◆ **EXERCISE PROMPT**
Quote the entries word for word. Omit the pictures.

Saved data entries
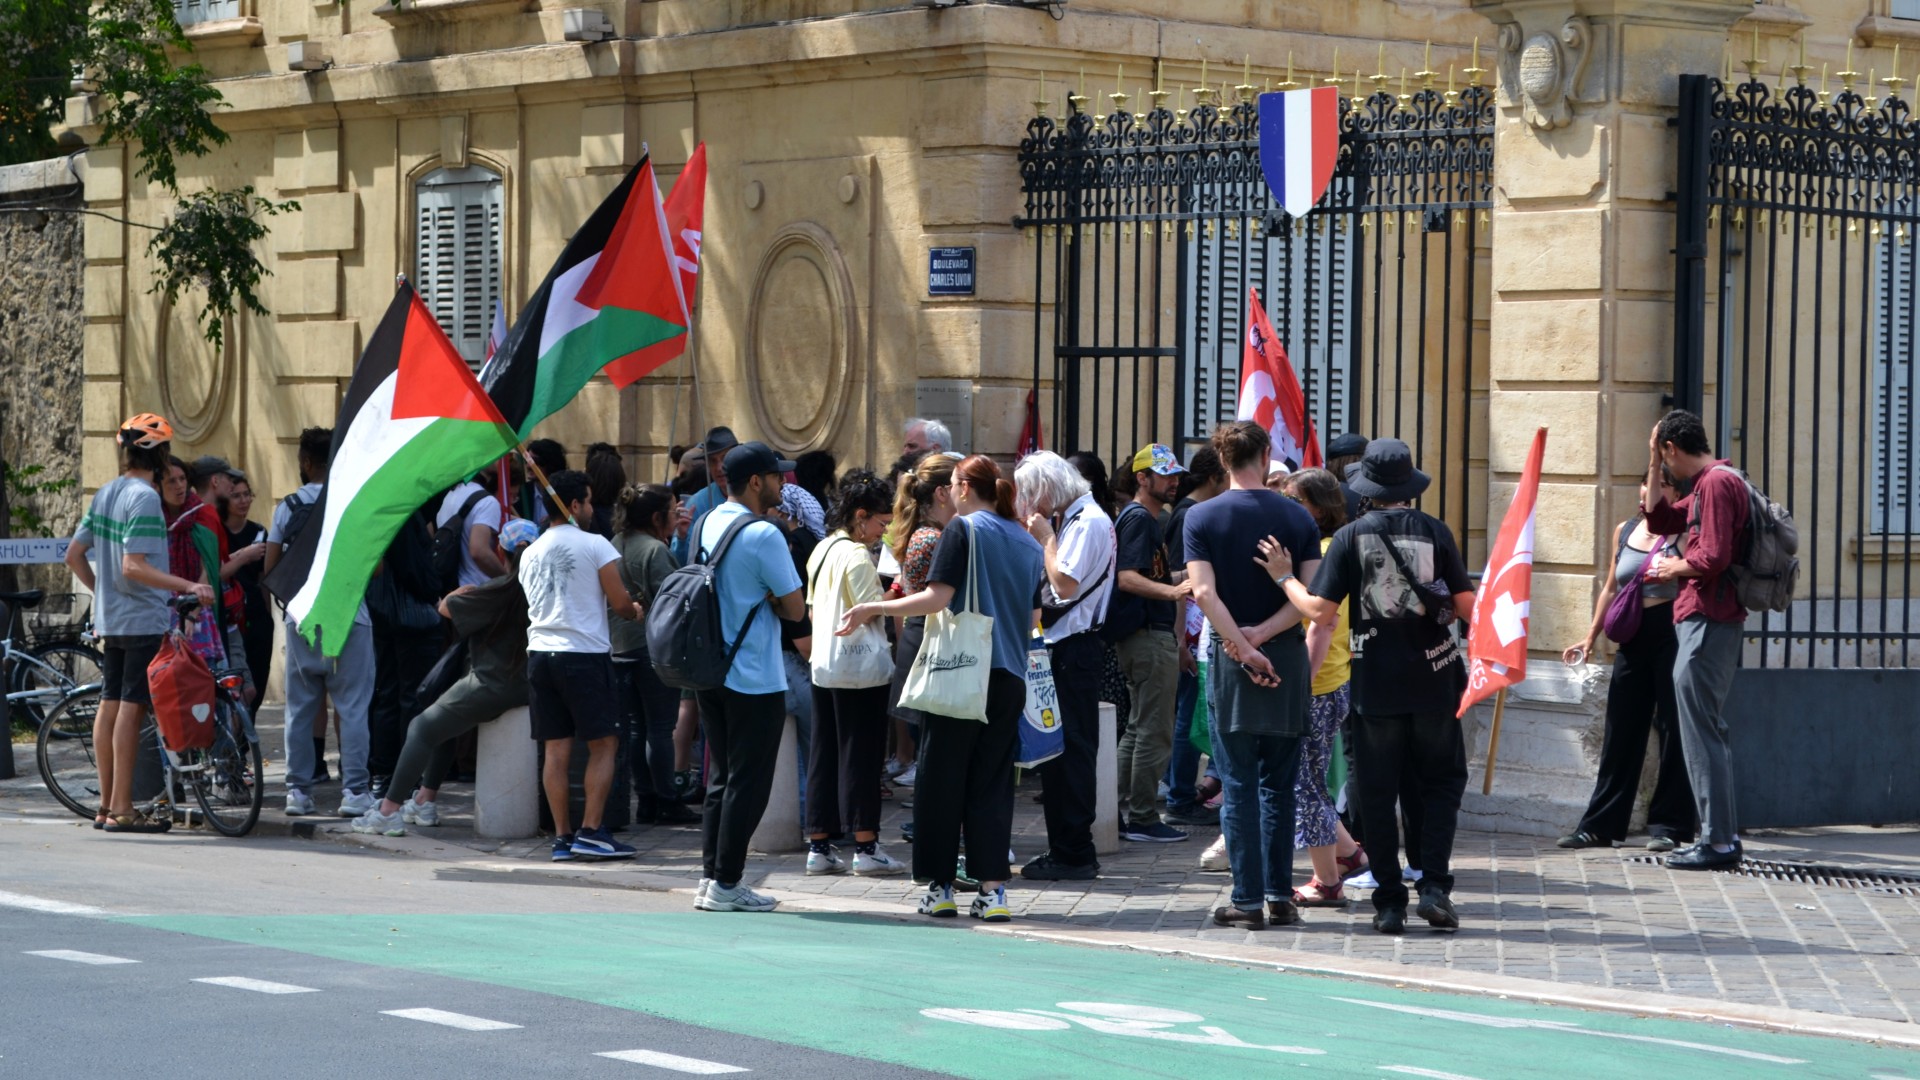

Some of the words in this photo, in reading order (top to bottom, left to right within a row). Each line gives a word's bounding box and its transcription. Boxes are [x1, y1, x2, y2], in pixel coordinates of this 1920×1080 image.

[933, 259, 969, 269] BOULEVARD
[930, 273, 954, 286] CHARLES
[837, 643, 873, 656] LYMPA
[1432, 656, 1449, 673] Love
[1027, 669, 1053, 682] France
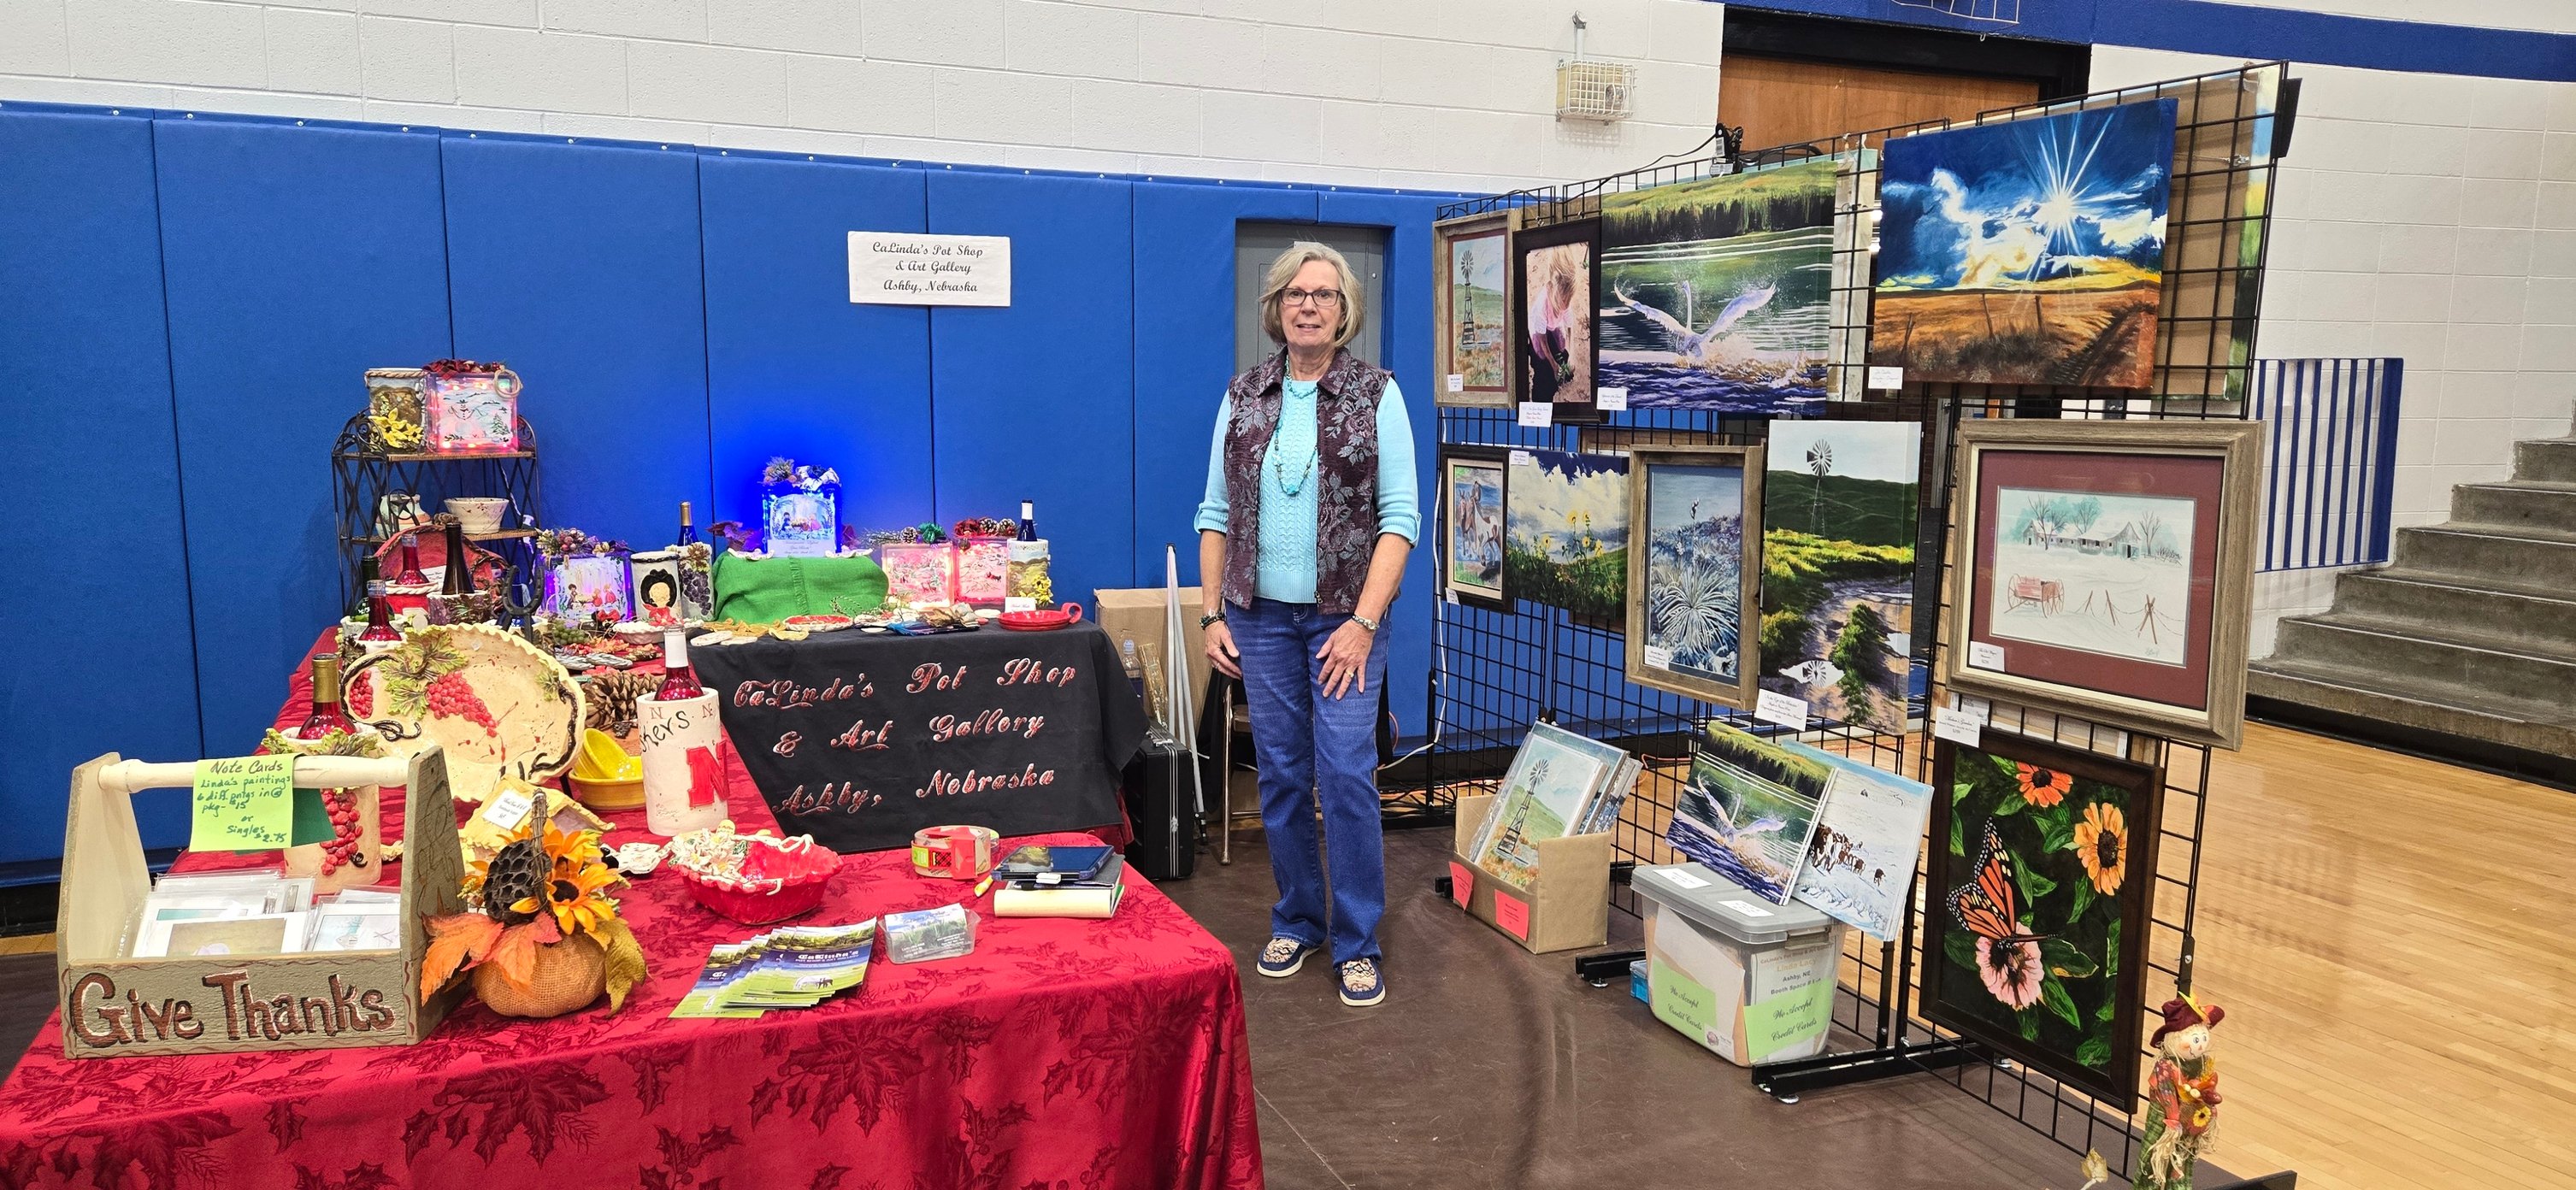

◆ **RESULT OF THIS TASK**
Some of the words in this photo, in reading order (top to bottom, left to right within a row). Each line gives a word's bounding box and its transcription. Boxes are [x1, y1, x2, y2], in pixel coordinates of this 1920×1080 image.

[933, 259, 969, 269] BOULEVARD
[930, 273, 954, 286] CHARLES
[837, 643, 873, 656] LYMPA
[1432, 656, 1449, 673] Love
[1027, 669, 1053, 682] France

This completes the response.